Psoriasis in Pregnancy


The German synonym for psoriasis is psoriasis. It is an inflammatory, non-infectious, chronic skin disease. Psoriasis is one of the most common autoimmune diseases. Well-defined red plaques with silver scales are characteristic of this disease.

Psoriasis doesn't necessarily affect pregnancy. Affected women often ask themselves whether the unborn child will develop normally, whether they can breastfeed, whether the psoriasis will worsen during pregnancy and whether the drugs are harmful to the unborn child. There is no general answer to these questions. But certain experiences, results and findings from scientific studies can point the way.

Change in psoriasis during pregnancy

Some studies attempted to establish a relationship between hormonal fluctuations and psoriasis. In many cases, women report that their psoriasis improved during pregnancy. After delivery, however, the disease was often found to worsen. Some authors suggest that the changes in psoriasis can only be partially explained by hormonal fluctuations during pregnancy.

Psoriasis flare-up due to pregnancy

The skin of affected pregnant women is usually better.

But in some cases a psoriasis flare-up can also occur. According to studies, this occurs in less than one in four women. The causes of the worsening symptoms are unknown. One suspects a combination of several components. Changes in the hormonal balance and stress factors could play a role. Some women get their first psoriasis attack during pregnancy. Consultation from a doctor is required if psoriasis attacks during pregnancy.

In a US study of 248 psoriasis patients, it was found that 87% of women who had multiple pregnancies saw the same response over and over. This means that if a psoriasis flare-up occurs, there is a high risk that a new pregnancy will also have a flare-up.

Read more on the topic:

  • Skin changes during pregnancy
  • Dry skin during pregnancy
  • Skin diseases during pregnancy

Treatment options

Treatment for psoriasis is limited during pregnancy. Most of the drugs used are harmful to the unborn child. In particular, systemic / internal therapies can often lead to serious deformities in the unborn child.
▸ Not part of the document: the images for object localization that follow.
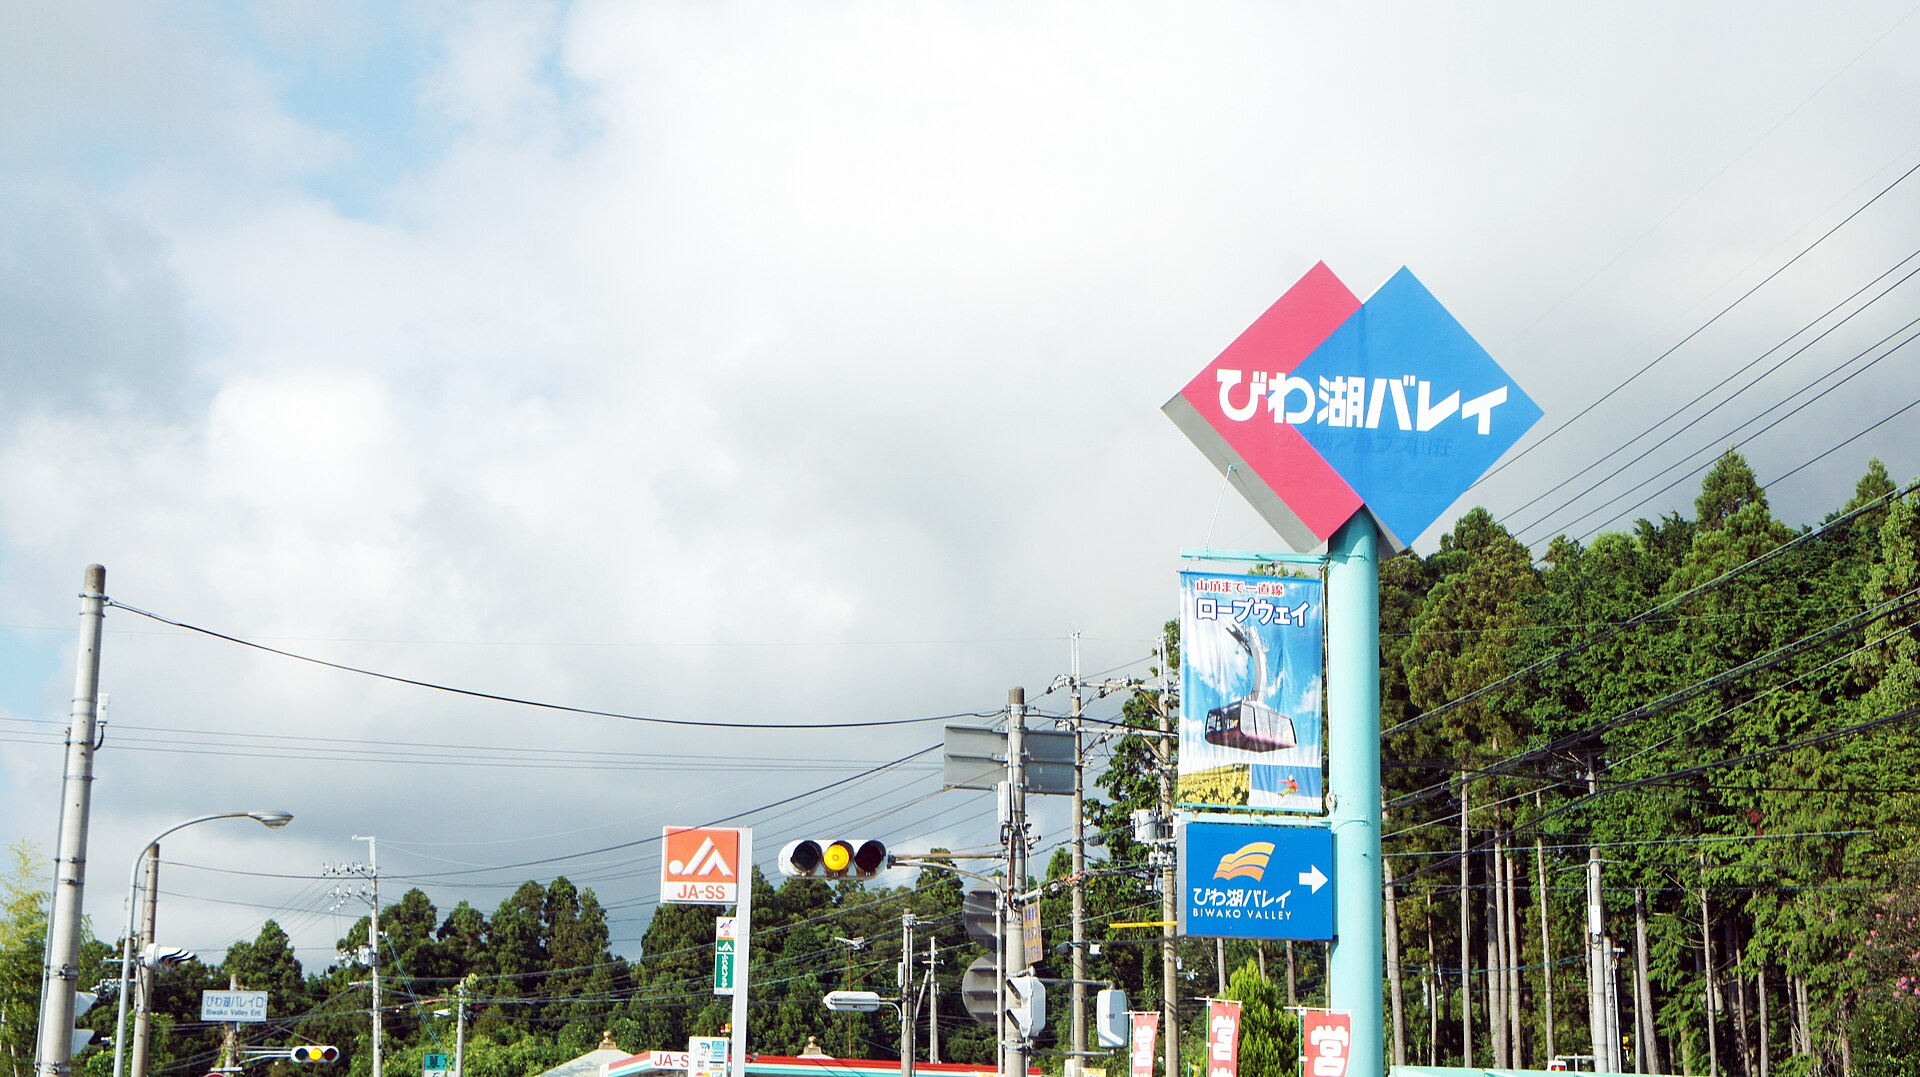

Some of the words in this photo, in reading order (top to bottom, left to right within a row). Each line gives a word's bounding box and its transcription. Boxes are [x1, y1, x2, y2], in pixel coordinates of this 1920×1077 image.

[1216, 368, 1508, 435] びわ湖バレイ
[1195, 579, 1285, 597] 山頂まで一直線
[1196, 597, 1311, 627] ロープウェイ
[677, 884, 725, 900] JA-SS
[1193, 888, 1292, 909] びわ湖バレイ
[1193, 908, 1242, 919] BIWAKO
[1247, 909, 1292, 921] VALLEY
[206, 1008, 228, 1016] Biwako
[230, 1009, 248, 1018] Valley
[1133, 1025, 1154, 1077] 営
[1211, 1015, 1236, 1077] 営
[654, 1053, 689, 1068] JA-S
Therefore, oral medication for psoriasis is usually not used. For example, acitretin and methotrexate should be avoided. Ciclospoprin A appears to be harmless to the embryo. But it has a high risk of side effects and interaction with other drugs and also with the substance naringin in grapefruits. The drug is prescribed only in exceptional cases for psoriasis during pregnancy.
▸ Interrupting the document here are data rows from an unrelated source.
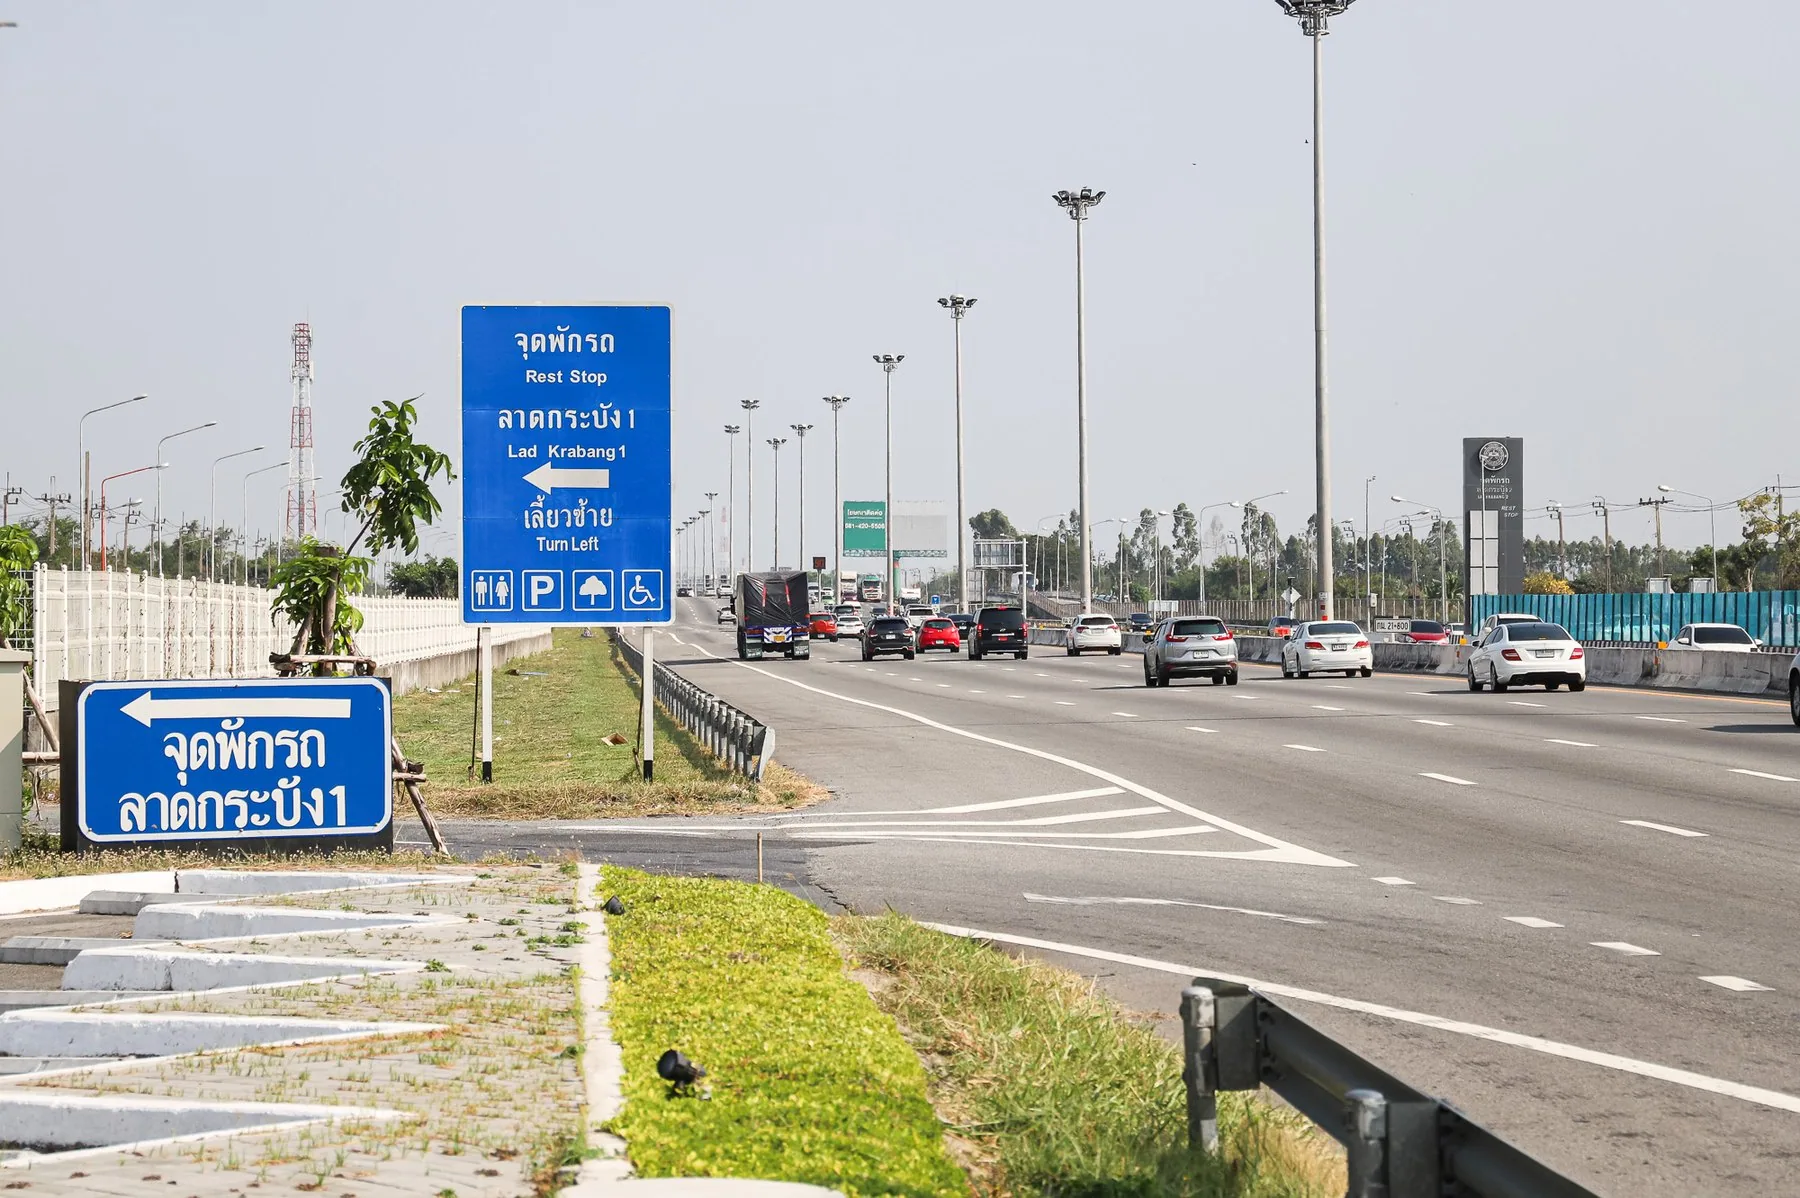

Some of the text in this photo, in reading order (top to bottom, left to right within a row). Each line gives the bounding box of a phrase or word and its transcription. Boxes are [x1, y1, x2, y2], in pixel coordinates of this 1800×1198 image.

[514, 325, 615, 361] จุดพักรถ
[526, 369, 608, 387] Rest Stop
[498, 402, 636, 430] ลาดกระบัง 1
[508, 444, 627, 462] Lad Krabang 1
[523, 495, 613, 529] เลี้ยวซ้าย
[536, 536, 599, 552] Turn Left
[530, 575, 555, 606] P
[162, 717, 326, 787] จุดพักรถ
[118, 774, 348, 833] ลาดกระบัง 1
Even with locally applied drugs, not all substances should be used during pregnancy. For example, vitamin A derivatives should be avoided. The use of vitamin D derivatives in small amounts is possible.
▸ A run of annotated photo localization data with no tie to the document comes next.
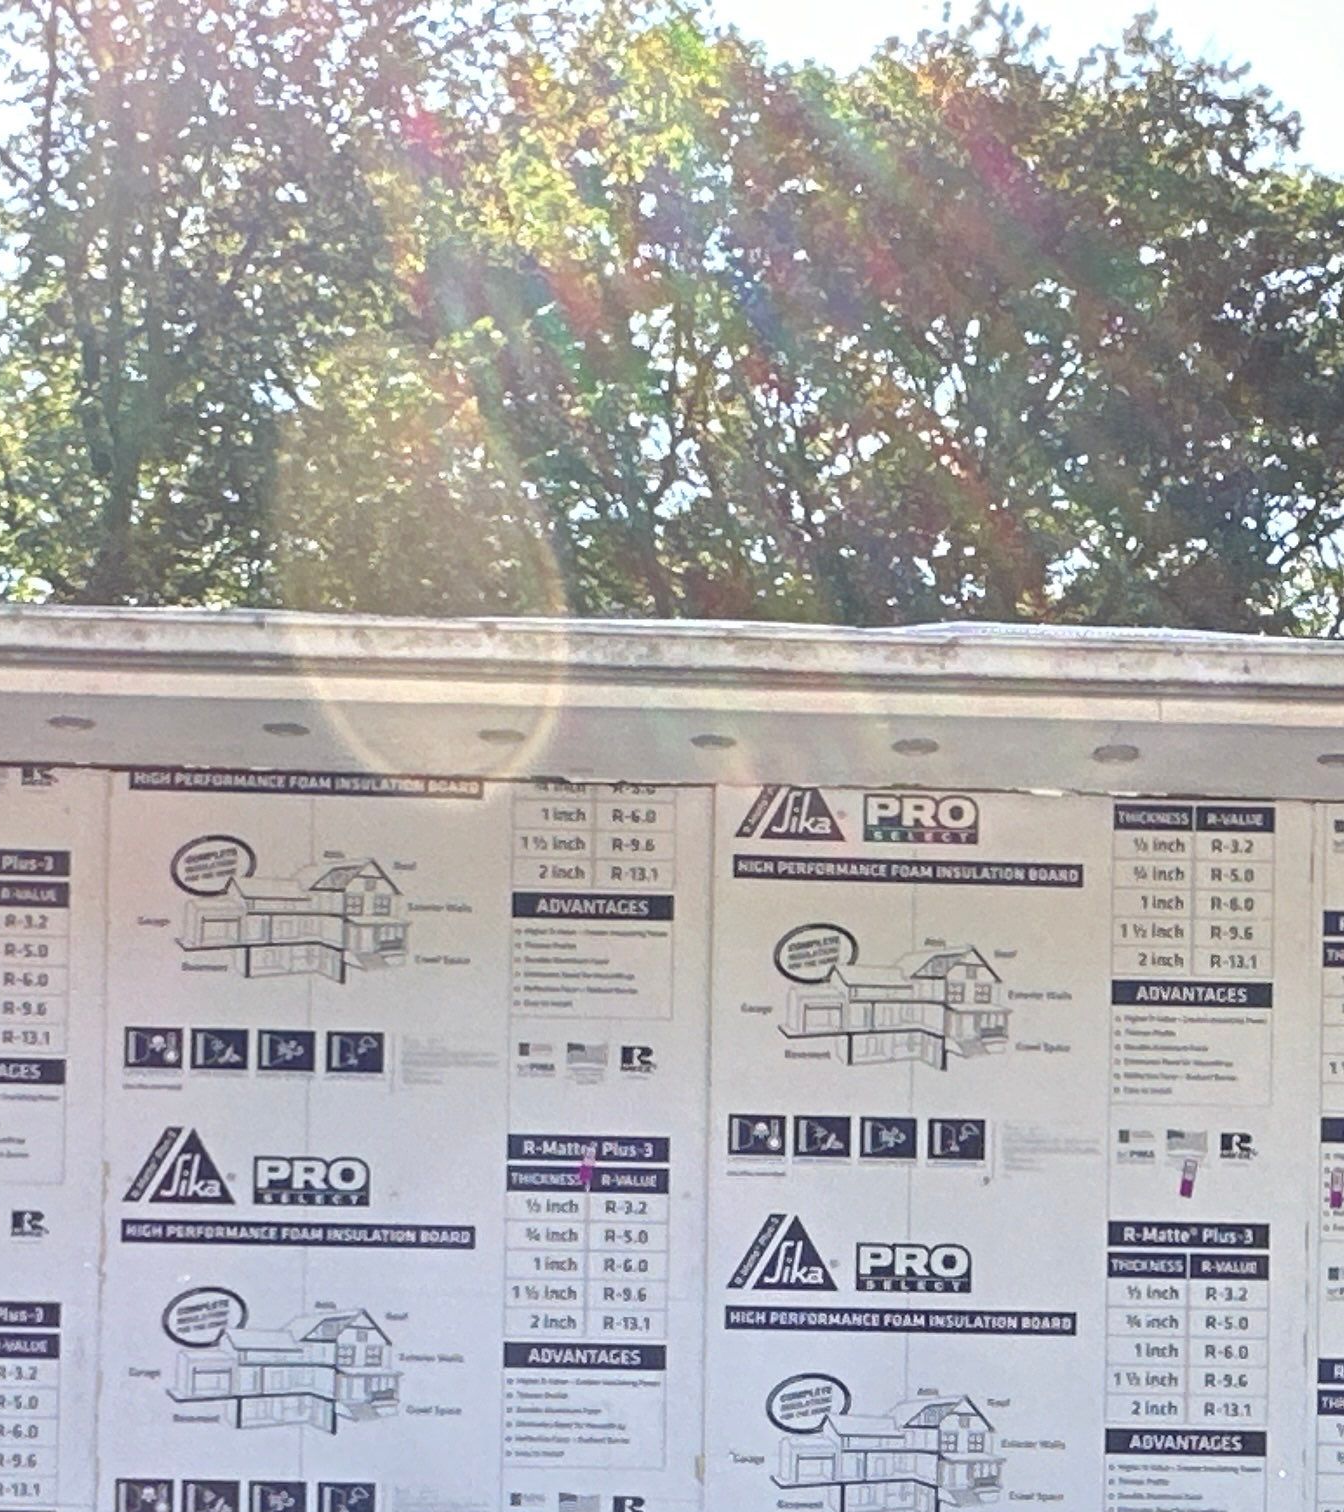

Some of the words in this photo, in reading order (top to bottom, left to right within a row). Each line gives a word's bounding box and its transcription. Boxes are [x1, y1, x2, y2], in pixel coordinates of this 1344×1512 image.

[772, 790, 831, 834] Sika
[867, 797, 976, 830] PRO
[536, 898, 650, 915] ADVANTAGES
[1136, 986, 1248, 1003] ADVANTAGES
[161, 1153, 221, 1197] Sika
[256, 1159, 367, 1191] PRO
[764, 1240, 824, 1284] Sika
[859, 1246, 969, 1278] PRO
[528, 1348, 642, 1365] ADVANTAGES
[1130, 1434, 1242, 1451] ADVANTAGES
As part of psoriasis treatment, well-tolerated, moisturizing and calming creams can usually be used without hesitation. According to need and indication, corticosteroids, e.g. Cortisone ointments are used for the affected areas of the skin. If possible, these ointments should not be used on the breasts, abdomen and hips as they can increase the appearance of stretch marks. In addition, ointments with ingredients such as urea and salicylic acid can be used locally in small quantities.

Read more on the topic: Cortisone in pregnancy - how dangerous is it?

light therapy

Light therapy is a part of psoriasis treatment. It is also called Phototherapy designated. There are different types.

With PUVA, photosensitization occurs through psoralen and UVA radiation. PUVA therapy can be damaging to the embryo. This is due to the contained psoralen. Therefore, this type of light therapy is not recommended during pregnancy.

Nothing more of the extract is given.